AI Governance under Political Turnover: The Alignment Surface of Compliance Design
Andrew J. Peterson
Why It Matters
What makes this one worth your time
Understanding the implications of AI governance in political contexts is crucial for ensuring that automated systems remain accountable and do not become tools for manipulation.
The research explores the dual nature of AI compliance in governance, highlighting both its benefits and vulnerabilities.
Summary
The paper develops a formal model to analyze how AI governance can be structured under political turnover, focusing on compliance layers that enhance oversight but may also be exploited by future administrations.
Key contributions
- Development of a formal model for AI governance under political turnover.
- Analysis of the relationship between compliance design and political exploitation.
- Insights into the long-term implications of AI integration in public administration.
Notable insights
- The model reveals how initial improvements in oversight can paradoxically lead to greater vulnerabilities over time.
- It highlights the challenge of unwinding AI systems once they are integrated into governance, emphasizing the need for careful design.
Possible limitations
- Not stated in the abstract.
Abstract
arXiv:2604.21103v1 Announce Type: new Abstract: Governments are increasingly interested in using AI to make administrative decisions cheaper, more scalable, and more consistent.

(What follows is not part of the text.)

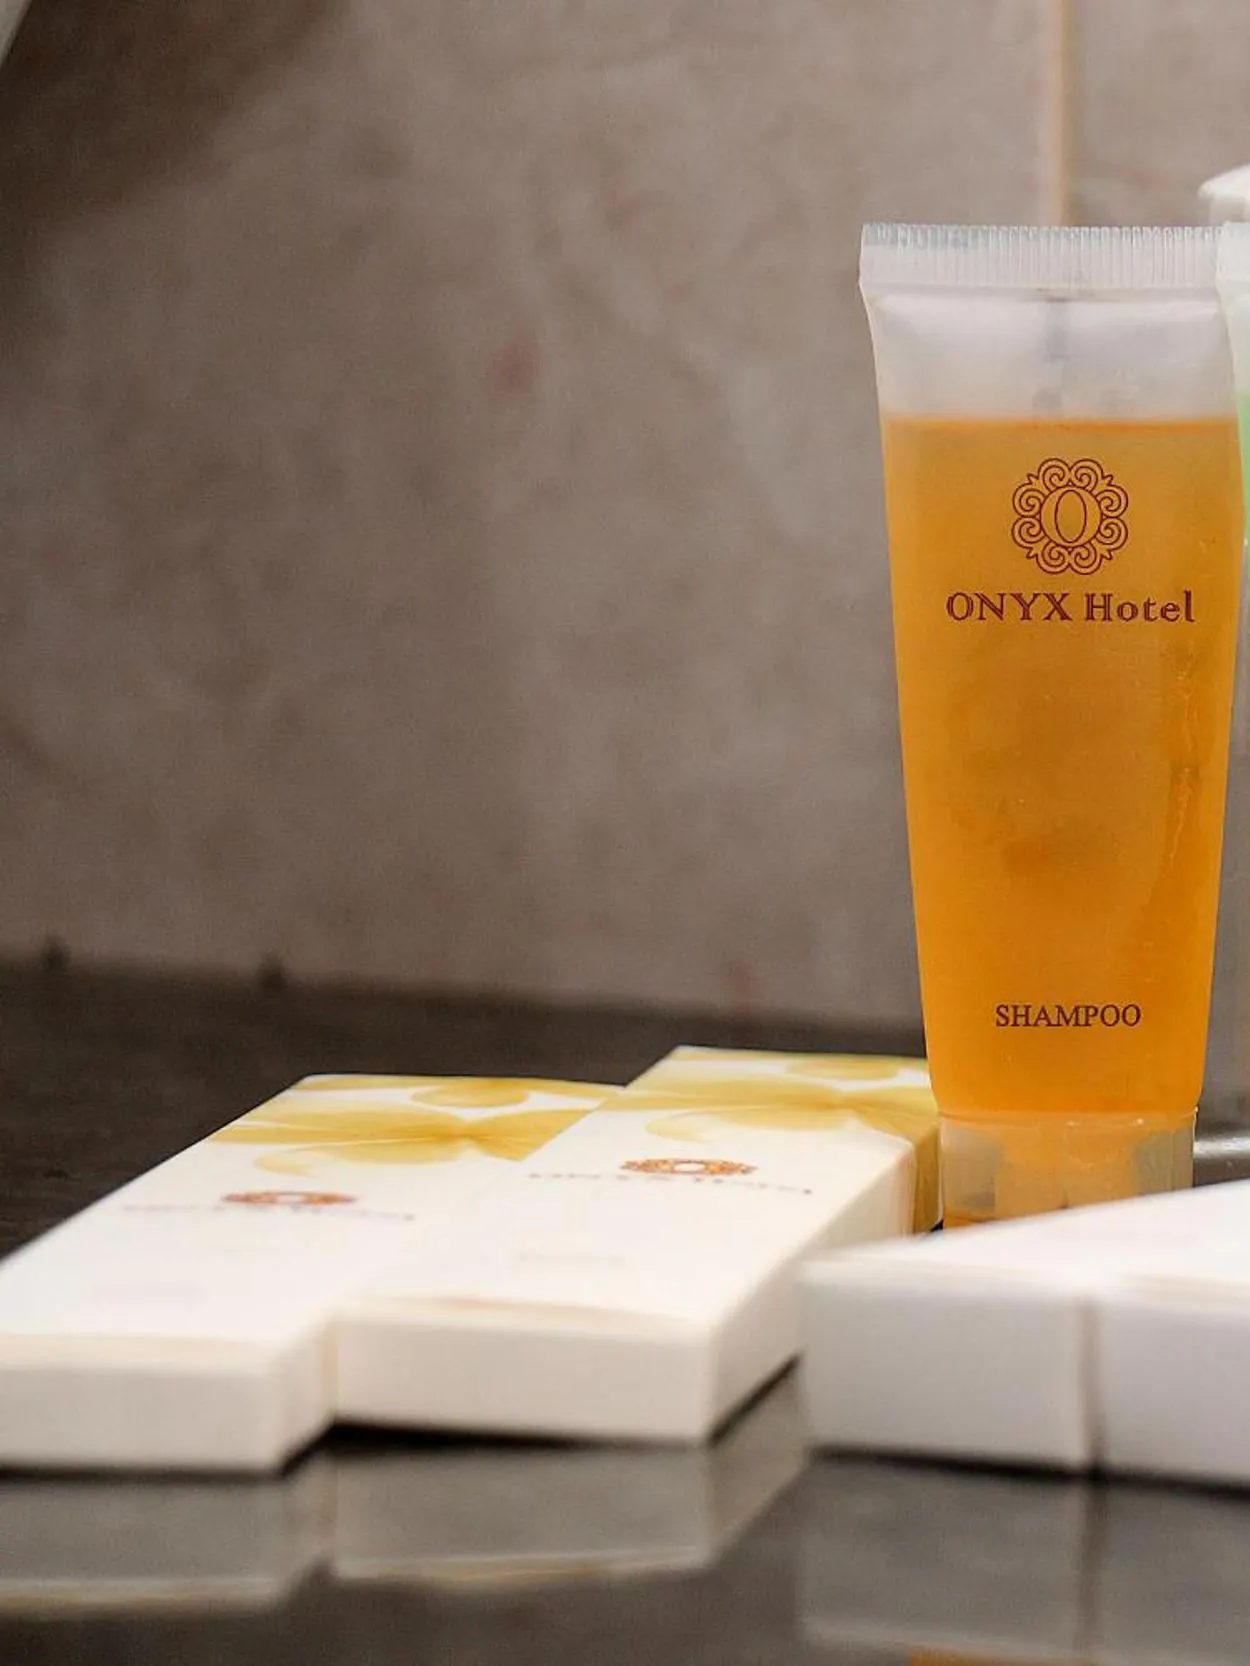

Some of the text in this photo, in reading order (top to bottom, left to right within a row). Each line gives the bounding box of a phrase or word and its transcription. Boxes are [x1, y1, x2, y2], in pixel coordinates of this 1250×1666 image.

[946, 590, 1195, 623] ONYX Hotel
[995, 1004, 1142, 1029] SHAMPOO
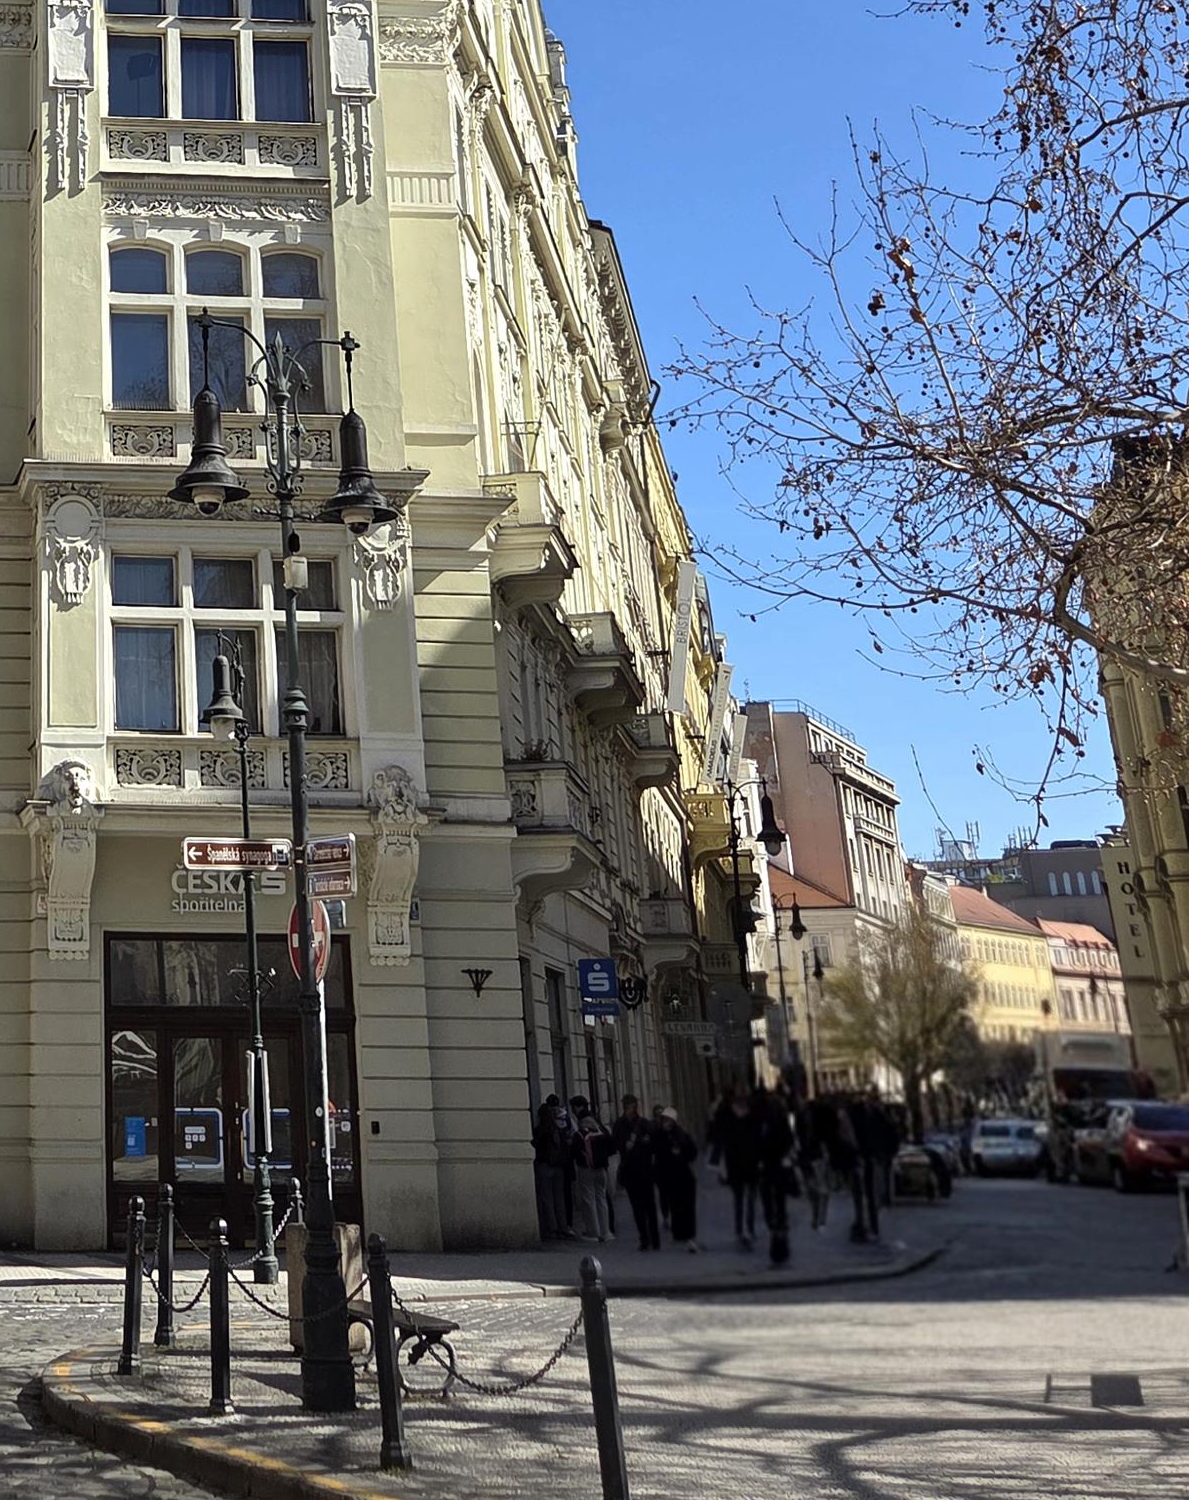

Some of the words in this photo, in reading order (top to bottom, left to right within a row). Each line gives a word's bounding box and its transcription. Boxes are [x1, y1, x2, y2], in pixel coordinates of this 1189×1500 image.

But for probabilistic AI to be incorporated into public administration it must be embedded in a compliance layer that makes decisions reviewable, repeatable, and legally defensible. That layer can improve oversight by making departures from law easier to detect. But it can also create a stable approval boundary that political successors learn to navigate while preserving the appearance of lawful administration. We develop a formal model in which institutions choose the scale of automation, the degree of codification, and safeguards on iterative use. The model shows when these systems become vulnerable to strategic use from within government, why reforms that initially improve oversight can later increase that vulnerability, and why expansions in AI use may be difficult to unwind. Making AI usable can thus make procedures easier for future governments to learn and exploit.